What you will do | The entries are to be duplicated exactly, with nothing left out.

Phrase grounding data
# # # #
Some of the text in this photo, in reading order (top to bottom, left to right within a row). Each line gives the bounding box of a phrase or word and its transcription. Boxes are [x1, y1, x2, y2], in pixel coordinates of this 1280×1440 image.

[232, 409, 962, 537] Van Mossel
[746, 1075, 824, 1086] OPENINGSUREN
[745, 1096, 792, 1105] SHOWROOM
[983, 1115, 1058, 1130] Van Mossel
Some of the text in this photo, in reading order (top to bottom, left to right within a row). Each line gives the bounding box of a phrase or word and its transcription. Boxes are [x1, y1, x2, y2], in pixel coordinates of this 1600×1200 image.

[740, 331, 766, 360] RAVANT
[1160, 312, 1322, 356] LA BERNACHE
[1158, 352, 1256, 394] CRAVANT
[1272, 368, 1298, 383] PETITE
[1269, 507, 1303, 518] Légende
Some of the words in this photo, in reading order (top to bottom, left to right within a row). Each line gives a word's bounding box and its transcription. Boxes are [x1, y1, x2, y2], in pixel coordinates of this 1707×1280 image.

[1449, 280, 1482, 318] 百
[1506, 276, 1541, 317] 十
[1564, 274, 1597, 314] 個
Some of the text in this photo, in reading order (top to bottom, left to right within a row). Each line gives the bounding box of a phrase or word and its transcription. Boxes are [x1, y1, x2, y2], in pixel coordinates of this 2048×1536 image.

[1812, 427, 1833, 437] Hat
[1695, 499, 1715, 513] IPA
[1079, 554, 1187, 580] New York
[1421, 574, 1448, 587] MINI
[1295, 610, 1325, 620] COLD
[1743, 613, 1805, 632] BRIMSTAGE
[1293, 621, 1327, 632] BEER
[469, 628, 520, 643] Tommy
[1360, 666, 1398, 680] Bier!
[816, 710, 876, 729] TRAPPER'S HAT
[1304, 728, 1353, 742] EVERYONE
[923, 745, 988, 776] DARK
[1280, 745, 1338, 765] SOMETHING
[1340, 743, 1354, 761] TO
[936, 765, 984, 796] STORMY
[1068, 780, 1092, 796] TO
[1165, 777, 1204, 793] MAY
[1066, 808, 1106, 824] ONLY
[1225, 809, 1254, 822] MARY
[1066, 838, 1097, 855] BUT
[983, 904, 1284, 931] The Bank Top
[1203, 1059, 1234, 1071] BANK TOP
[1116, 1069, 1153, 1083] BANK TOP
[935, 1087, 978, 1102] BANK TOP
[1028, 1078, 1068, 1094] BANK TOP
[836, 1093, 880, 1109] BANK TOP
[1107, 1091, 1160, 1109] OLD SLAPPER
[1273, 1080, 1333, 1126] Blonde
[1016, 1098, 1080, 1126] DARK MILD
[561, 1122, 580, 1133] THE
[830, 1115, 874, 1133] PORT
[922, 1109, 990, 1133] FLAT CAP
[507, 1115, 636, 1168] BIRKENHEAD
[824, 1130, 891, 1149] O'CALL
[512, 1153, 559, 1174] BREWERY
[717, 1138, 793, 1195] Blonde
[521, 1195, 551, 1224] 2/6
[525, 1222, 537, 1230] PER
# # # #
Solution for this problem |
Some of the text in this photo, in reading order (top to bottom, left to right within a row). Each line gives the bounding box of a phrase or word and its transcription. Boxes are [x1, y1, x2, y2], in pixel coordinates of this 1280×1440 image.

[232, 409, 962, 537] Van Mossel
[746, 1075, 824, 1086] OPENINGSUREN
[745, 1096, 792, 1105] SHOWROOM
[983, 1115, 1058, 1130] Van Mossel
Some of the text in this photo, in reading order (top to bottom, left to right within a row). Each line gives the bounding box of a phrase or word and its transcription. Boxes are [x1, y1, x2, y2], in pixel coordinates of this 1600×1200 image.

[740, 331, 766, 360] RAVANT
[1160, 312, 1322, 356] LA BERNACHE
[1158, 352, 1256, 394] CRAVANT
[1272, 368, 1298, 383] PETITE
[1269, 507, 1303, 518] Légende
Some of the words in this photo, in reading order (top to bottom, left to right within a row). Each line gives a word's bounding box and its transcription. Boxes are [x1, y1, x2, y2], in pixel coordinates of this 1707×1280 image.

[1449, 280, 1482, 318] 百
[1506, 276, 1541, 317] 十
[1564, 274, 1597, 314] 個
Some of the text in this photo, in reading order (top to bottom, left to right within a row). Each line gives the bounding box of a phrase or word and its transcription. Boxes are [x1, y1, x2, y2], in pixel coordinates of this 2048×1536 image.

[1812, 427, 1833, 437] Hat
[1695, 499, 1715, 513] IPA
[1079, 554, 1187, 580] New York
[1421, 574, 1448, 587] MINI
[1295, 610, 1325, 620] COLD
[1743, 613, 1805, 632] BRIMSTAGE
[1293, 621, 1327, 632] BEER
[469, 628, 520, 643] Tommy
[1360, 666, 1398, 680] Bier!
[816, 710, 876, 729] TRAPPER'S HAT
[1304, 728, 1353, 742] EVERYONE
[923, 745, 988, 776] DARK
[1280, 745, 1338, 765] SOMETHING
[1340, 743, 1354, 761] TO
[936, 765, 984, 796] STORMY
[1068, 780, 1092, 796] TO
[1165, 777, 1204, 793] MAY
[1066, 808, 1106, 824] ONLY
[1225, 809, 1254, 822] MARY
[1066, 838, 1097, 855] BUT
[983, 904, 1284, 931] The Bank Top
[1203, 1059, 1234, 1071] BANK TOP
[1116, 1069, 1153, 1083] BANK TOP
[935, 1087, 978, 1102] BANK TOP
[1028, 1078, 1068, 1094] BANK TOP
[836, 1093, 880, 1109] BANK TOP
[1107, 1091, 1160, 1109] OLD SLAPPER
[1273, 1080, 1333, 1126] Blonde
[1016, 1098, 1080, 1126] DARK MILD
[561, 1122, 580, 1133] THE
[830, 1115, 874, 1133] PORT
[922, 1109, 990, 1133] FLAT CAP
[507, 1115, 636, 1168] BIRKENHEAD
[824, 1130, 891, 1149] O'CALL
[512, 1153, 559, 1174] BREWERY
[717, 1138, 793, 1195] Blonde
[521, 1195, 551, 1224] 2/6
[525, 1222, 537, 1230] PER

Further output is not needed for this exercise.